George had contacted the Missouri Department of Transportation (MoDOT), and been told a crosswalk was possible. It would require a curb cut on the corner by the post office, put in at village expense, and a cement ramp. A flashing light would be needed, for which there was no cost estimate. A MoDOT engineer would have to design the crossing, and would meet with village residents to determine local needs.
Seeing this as another way traffic could be slowed near the school, as well as providing a public service, board members were enthusiastic about the idea. They commended George for his efforts. Trustee Bryan Painter volunteered to be the board's liaison with MoDOT on the project.
As for other utility issues, Schoen reported contact with Missouri Rural Water Association circuit rider Billy Everett, whom the village has been trying to get to town for a number of months. Everett took water statistics, calculated only 81 percent of the water pumped in town was reaching meters, and figured the village could well have a major line leak. Everett agreed to schedule a visit once he finished tornado-related work in the state's Bootheel.

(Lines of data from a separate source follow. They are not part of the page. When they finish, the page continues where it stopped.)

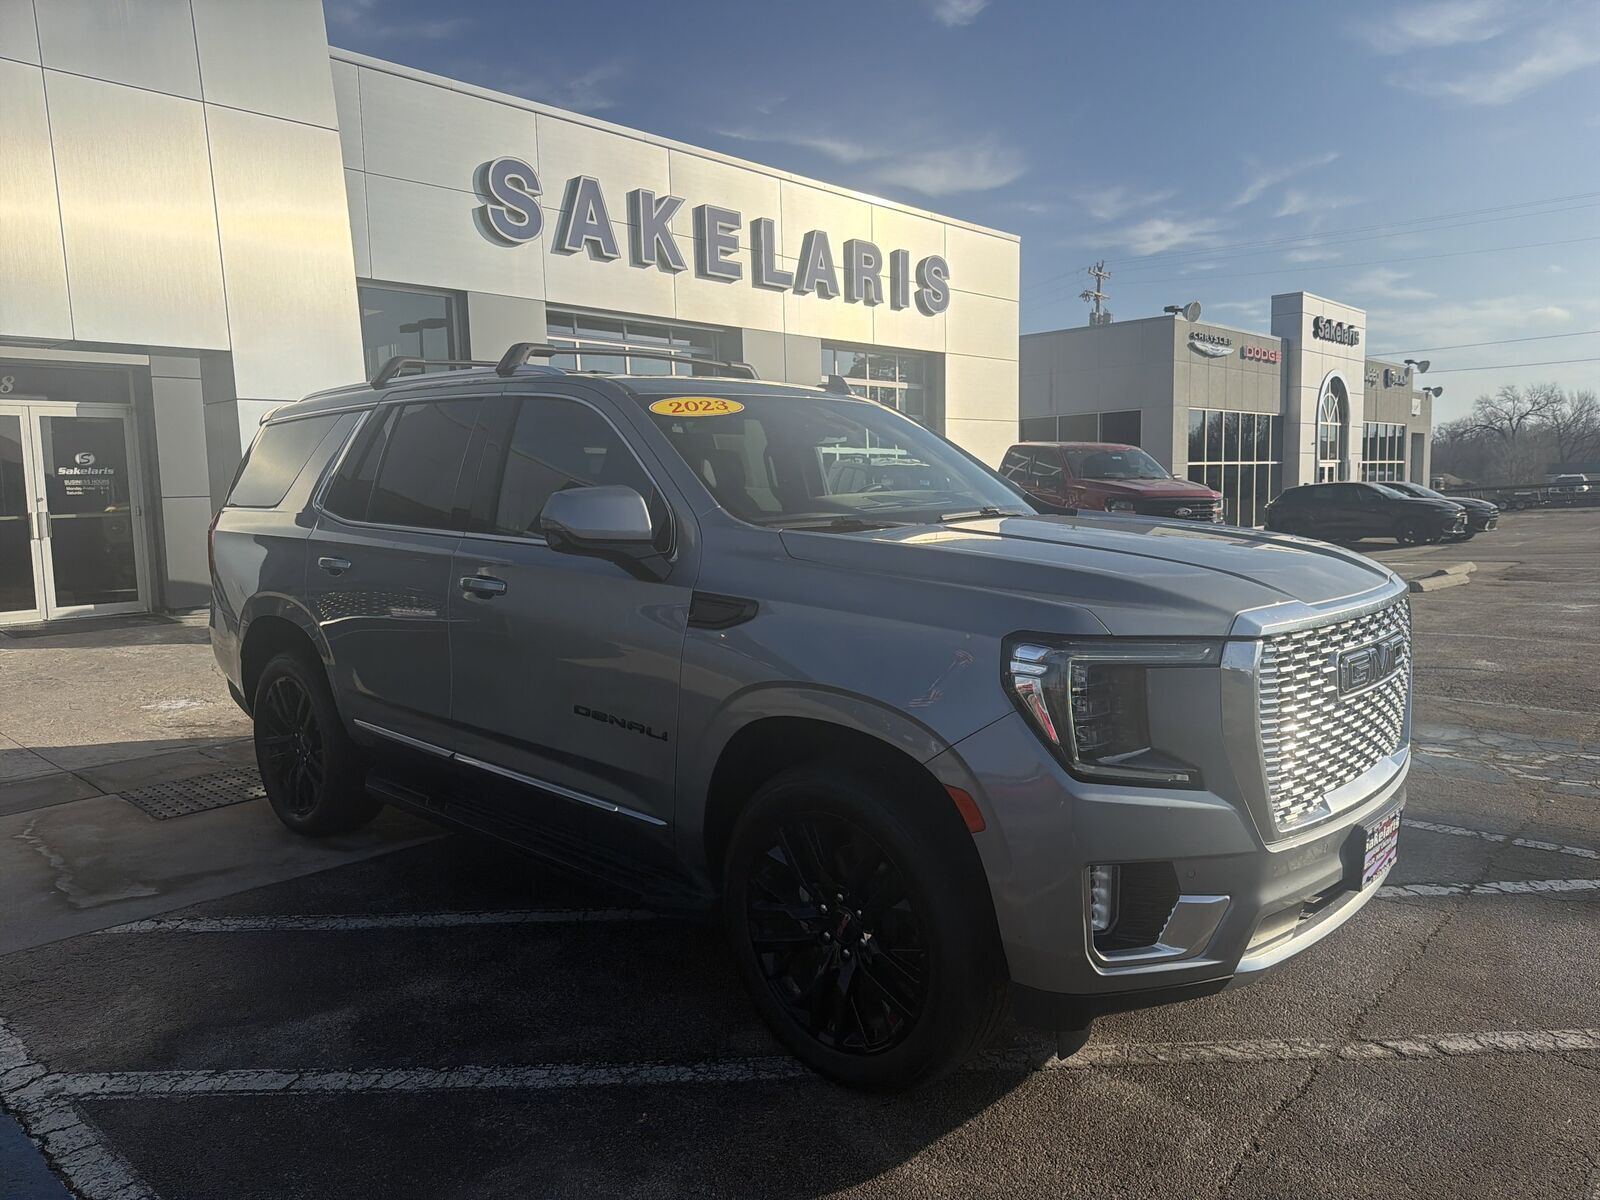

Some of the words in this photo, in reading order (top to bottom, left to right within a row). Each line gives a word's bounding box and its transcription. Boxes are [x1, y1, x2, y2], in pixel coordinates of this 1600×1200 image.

[472, 156, 950, 317] SAKELARIS
[1313, 316, 1360, 346] Sakelaris
[1245, 346, 1282, 362] DODGE
[668, 400, 729, 413] 2023
[58, 467, 114, 475] Sakelaris
[1341, 635, 1404, 694] GMC
[573, 704, 668, 741] DENALI

In assorted reports filed with the board, Mayor Roy Obermann followed up on concerns expressed in January about limbs brushing the roof of the community building. Kleiboeker's Tree Service dealt with the limbs, at no charge, and used its bucket truck to help check out concerns on the storm siren.

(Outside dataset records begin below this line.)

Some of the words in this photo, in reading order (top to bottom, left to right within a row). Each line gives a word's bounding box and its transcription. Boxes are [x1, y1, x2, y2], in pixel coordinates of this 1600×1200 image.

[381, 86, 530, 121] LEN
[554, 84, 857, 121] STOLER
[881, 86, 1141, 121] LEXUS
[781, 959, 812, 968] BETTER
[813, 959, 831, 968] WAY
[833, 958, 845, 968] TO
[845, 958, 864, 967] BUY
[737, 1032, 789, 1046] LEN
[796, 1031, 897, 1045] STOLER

Clerk Schoen reported she had begun sorting through old records to dispose of those no longer needed. She found bank statements back to 1983. In an old deposit book, she found three checks to the village that had never been cashed. She planned to inventory everything due to be shredded. Nothing deemed to be historic would be destroyed, she added.
The village's annual report to the U.S. Department of Agriculture's Rural Development program had been completed and filed, as required for the loan. There was also a federal census report due by March 1. For the January billing period, Schoen took in $200 in deposits from customers and $115 in late fees.
Water operator Charlie Ingram had read the meters in town in January, establishing a base from which sewer averages could be calculated. Ingram noted there were three meters he could not find, and one he could not read, which made him wonder how the customer submitted numbers monthly for a bill.
No irrigation had been done during January at the wastewater lagoon. The freeboard depth remained low at less than three-quarters of a foot. Village wells pumped 372,200 gallons of water in January.
The board's next regular meeting will be at 7 p.m. on March 12 at the Freistatt Community Building.